Chi sono i Fidanzati, clan "milanese". Il boss Stefano sarà l'erede di Messina Denaro?

Le tonnellate di coca, le mani sulla movida e l’arresto di don Tano. Radiografia della famiglia i cui vertici puntano a "prendersi" Cosa Nostra

Il boss Tano Fidanzati dopo l’arresto del 2009 nel covo di via Marghera a Milano

Il boss Tano Fidanzati dopo l’arresto del 2009 nel covo di via Marghera a Milano

Milano - C’è anche il nome del settantenne Stefano Fidanzati nell’elenco dei padrini che aspirano a sedersi sulla poltrona di super boss di Cosa Nostra lasciata vacante da Matteo Messina Denaro, arrestato due giorni fa dai carabinieri del Ros di Palermo. Ed è proprio nel capoluogo siciliano, tra le strade dei porti turistici dell’Arenella e dell’Acquasanta, che il clan guidato fino a dieci anni fa dal fratello Gaetano (scomparso nel 2013 all’età di 78 anni) ha le sue radici.

Una famiglia di mafia legata a doppio filo a Milano, di cui negli anni Settanta hanno saturato le piazze di spaccio con le tonnellate di eroina e cocaina in arrivo dal Sudamerica. Proprio qui, il 5 dicembre 2009, fu arrestato don Tano: gli agenti della Squadra mobile lo bloccarono in via Marghera con il cognato Salvatore Cangelosi prima dell’incontro programmato con Domenico Papagna, probabilmente per discutere di un prestito. Si era rifugiato all’ombra della Madonnina per sfuggire a due ordinanze di custodia cautelare per associazione mafiosa e omicidio emesse dal Tribunale di Palermo.
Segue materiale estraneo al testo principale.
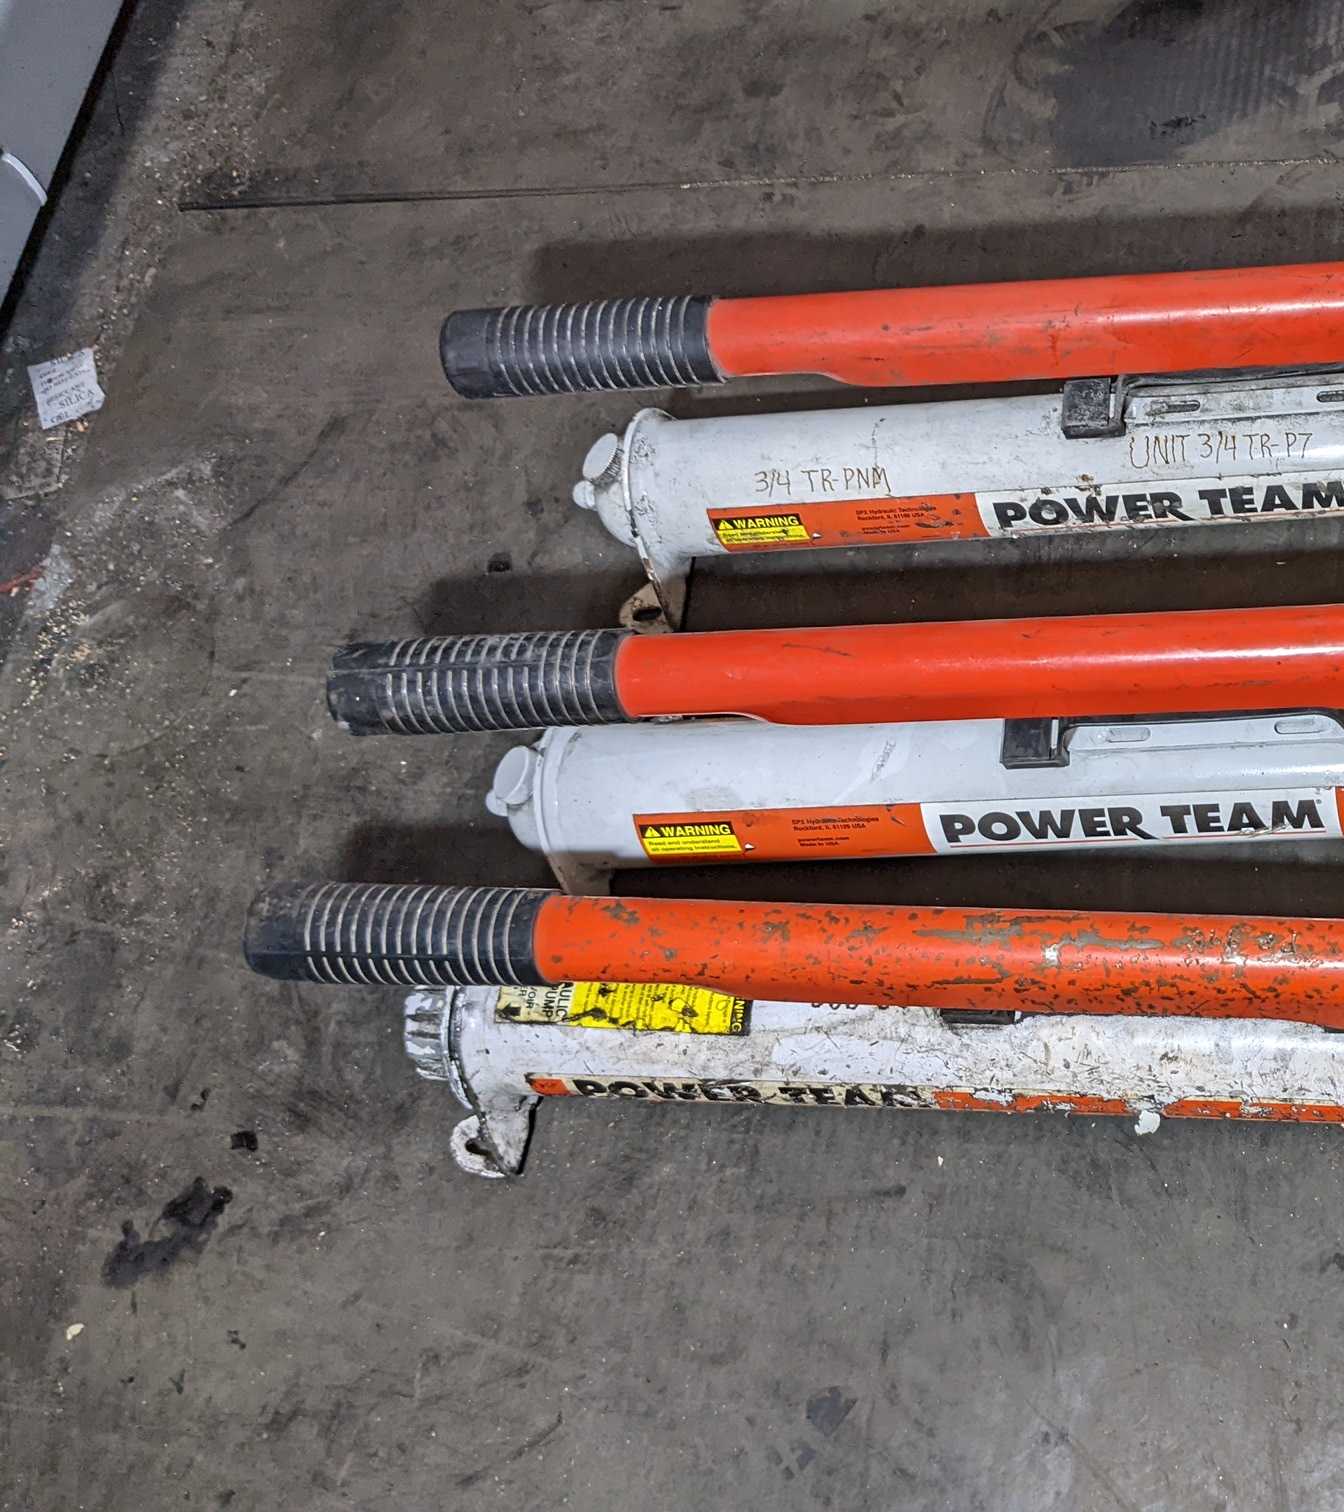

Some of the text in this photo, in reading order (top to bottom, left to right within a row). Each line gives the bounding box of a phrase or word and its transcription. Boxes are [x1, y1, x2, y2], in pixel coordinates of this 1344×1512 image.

Del resto, don Tano era di casa in Lombardia, dove ha reinvestito buona parte dei soldi incassati con il narcotraffico. Secondo un’indagine del 2012 dei magistrati della Dda Ester Nocera e Giovanni Narbone, tre locali della movida meneghina e un ristorante a metà strada tra l’Arco della Pace e Chinatown erano finiti nelle mani di uno dei figli del capostipite, Guglielmo, che le controllava in maniera occulta attraverso 14 società intestate a prestanome.

Arrestato nell’ambito di un’altra indagine, quella del pm Marcello Musso su una partita di nove chili di coca acquistata con elementi della criminalità calabrese ed ex jugoslava, era finito nel mirino degli accertamenti degli specialisti della Guardia di Finanza, che avevano scoperto che i collaboratori incensurati, i cosiddetti "discepoli", erano solo i gestori di facciata di bar e discoteche, in realtà veicoli del "capo" per riciclare i proventi dello smercio di droga nell’economia legale.
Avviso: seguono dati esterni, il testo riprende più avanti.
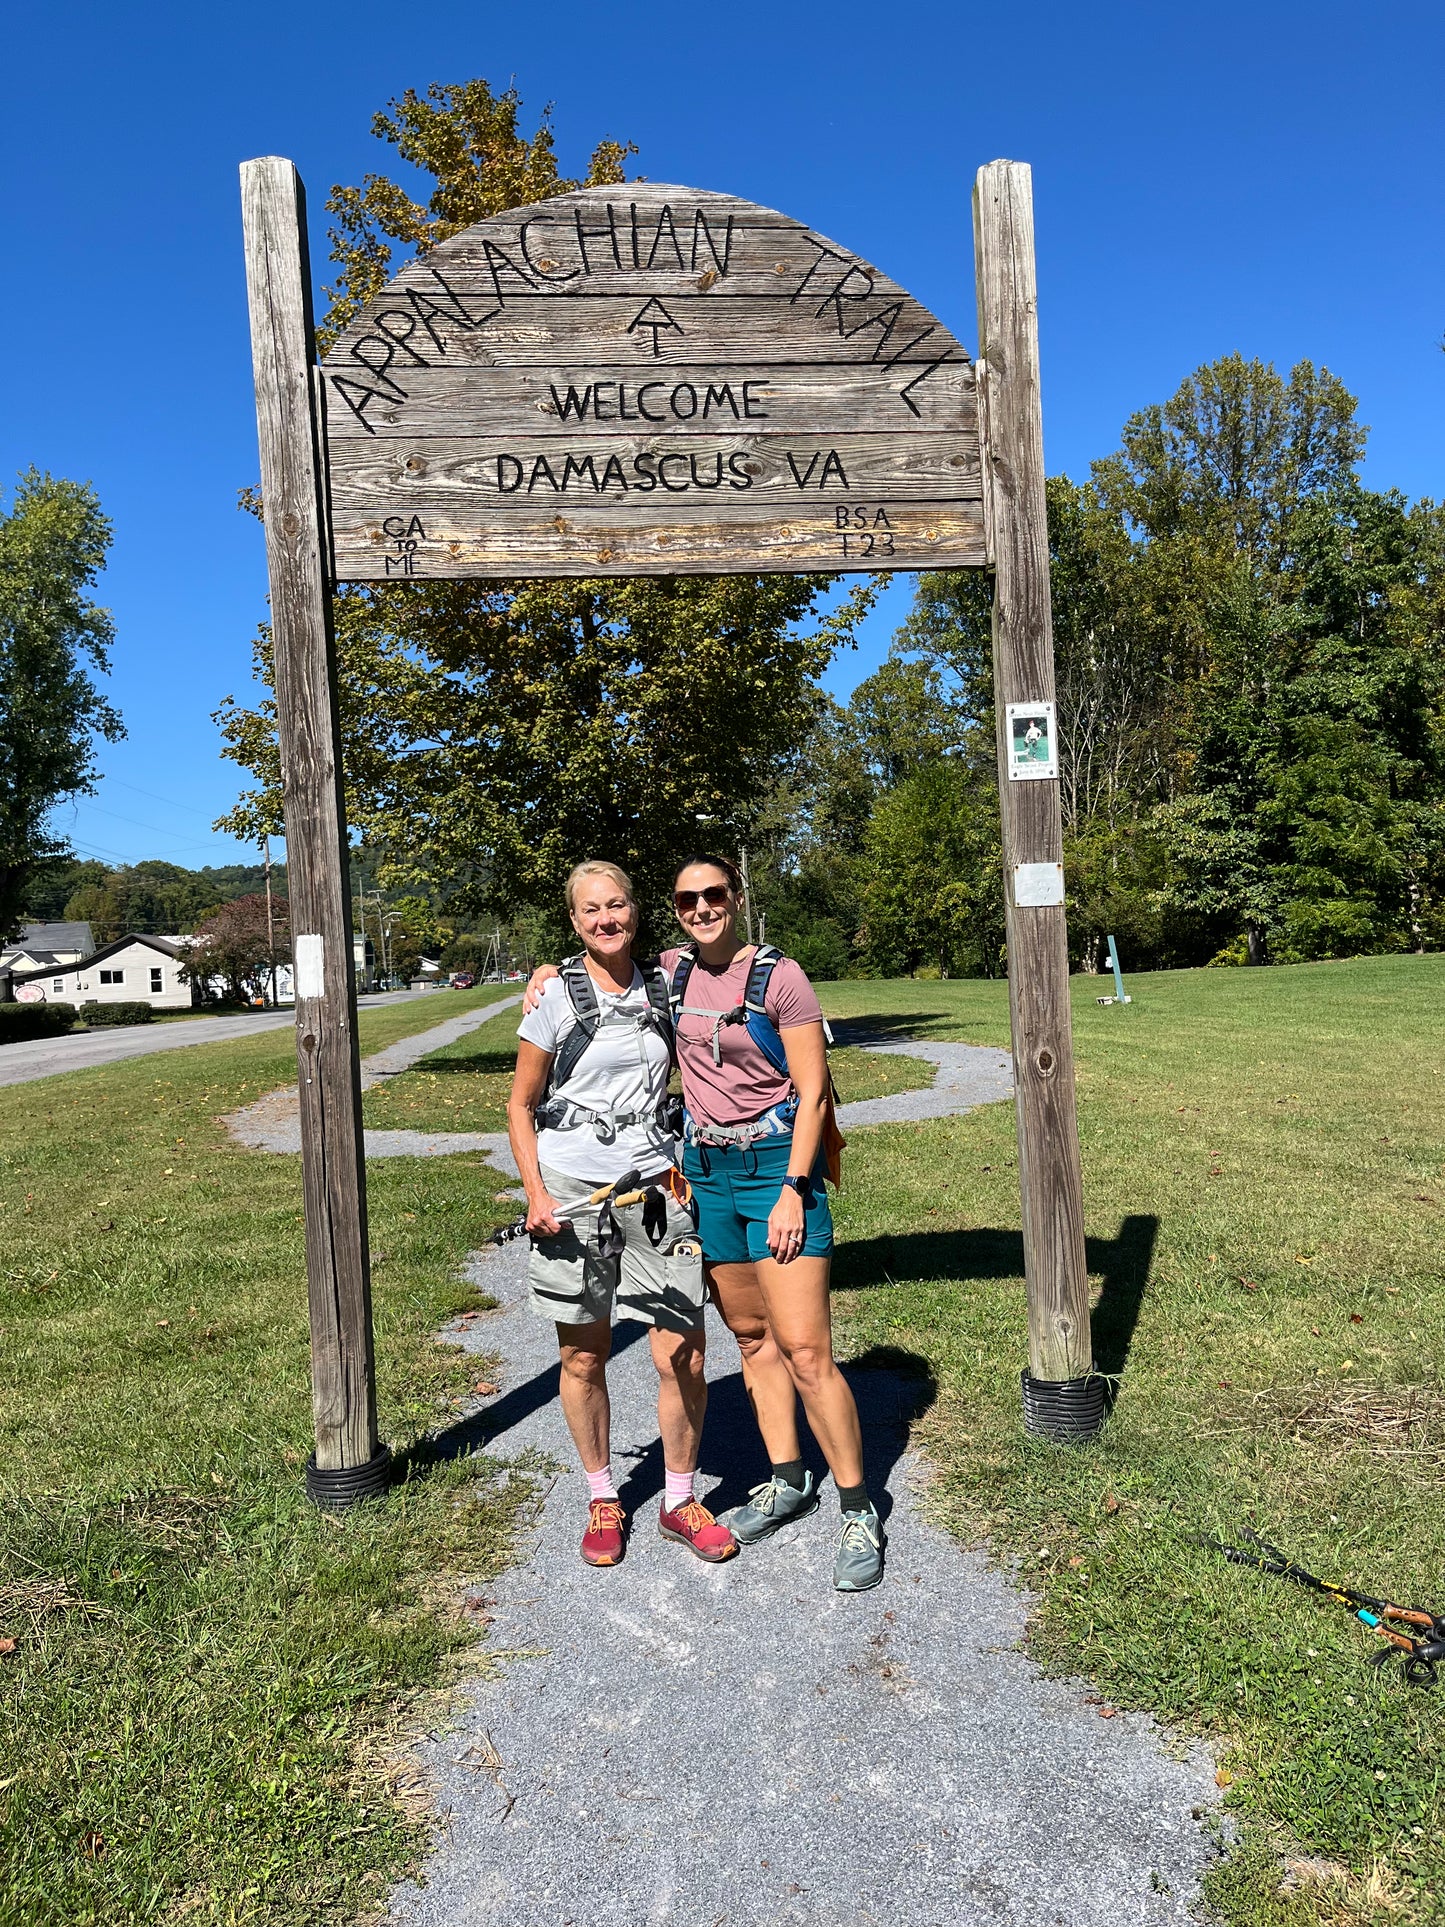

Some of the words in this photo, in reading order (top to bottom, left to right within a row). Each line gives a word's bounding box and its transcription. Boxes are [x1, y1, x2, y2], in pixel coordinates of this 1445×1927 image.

[330, 202, 734, 436] APPALACHIAN
[789, 235, 954, 419] TRAIL
[550, 379, 770, 422] WELCOME
[496, 451, 754, 493] DAMASCUS
[786, 449, 851, 491] VA
[383, 514, 426, 540] GA
[835, 505, 891, 530] BSA
[385, 552, 429, 576] ME
Nel 2013, ecco un’altra ordinanza, a valle di un’operazione dei carabinieri che smantellò un’associazione a delinquere finalizzata al traffico internazionale di stupefacenti: al centro di tutto, ancora una volta, c’era Guglielmo, ritenuto il deus ex machina di un gruppo di tipo "paramilitare", strutturato gerarchicamente e con compiti ben precisi sia nella distribuzione dei carichi di hashish e cocaina sia nella gestione finanziaria dei proventi, "compresi quelli di svariate rapine in banca".
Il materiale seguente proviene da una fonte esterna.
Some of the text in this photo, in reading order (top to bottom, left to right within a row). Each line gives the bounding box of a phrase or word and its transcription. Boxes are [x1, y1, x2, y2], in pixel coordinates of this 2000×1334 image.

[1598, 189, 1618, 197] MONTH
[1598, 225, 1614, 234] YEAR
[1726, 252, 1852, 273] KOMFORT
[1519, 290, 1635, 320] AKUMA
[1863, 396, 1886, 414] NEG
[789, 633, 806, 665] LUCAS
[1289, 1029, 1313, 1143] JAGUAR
A proposito di rapine, il nome di Fidanzati junior finirà pure nella lista degli uomini d’oro che organizzarono il blitz da 5 milioni di euro alla gioielleria Scavia di via della Spiga, andato in scena la mattina del 5 febbraio 2011. Tutti reati, questi ultimi, azzerati nelle aule di Tribunale dalla morte di Guglielmo, avvenuta il 16 gennaio 2014 all’ospedale di Vigevano dopo un mese di ricovero per una patologia incurabile. Ora quel cognome, Fidanzati, ha ricominciato a circolare con insistenza nei discorsi sul futuro prossimo di Cosa Nostra. E il legame del clan con Milano non può che tornare di stretta attualità.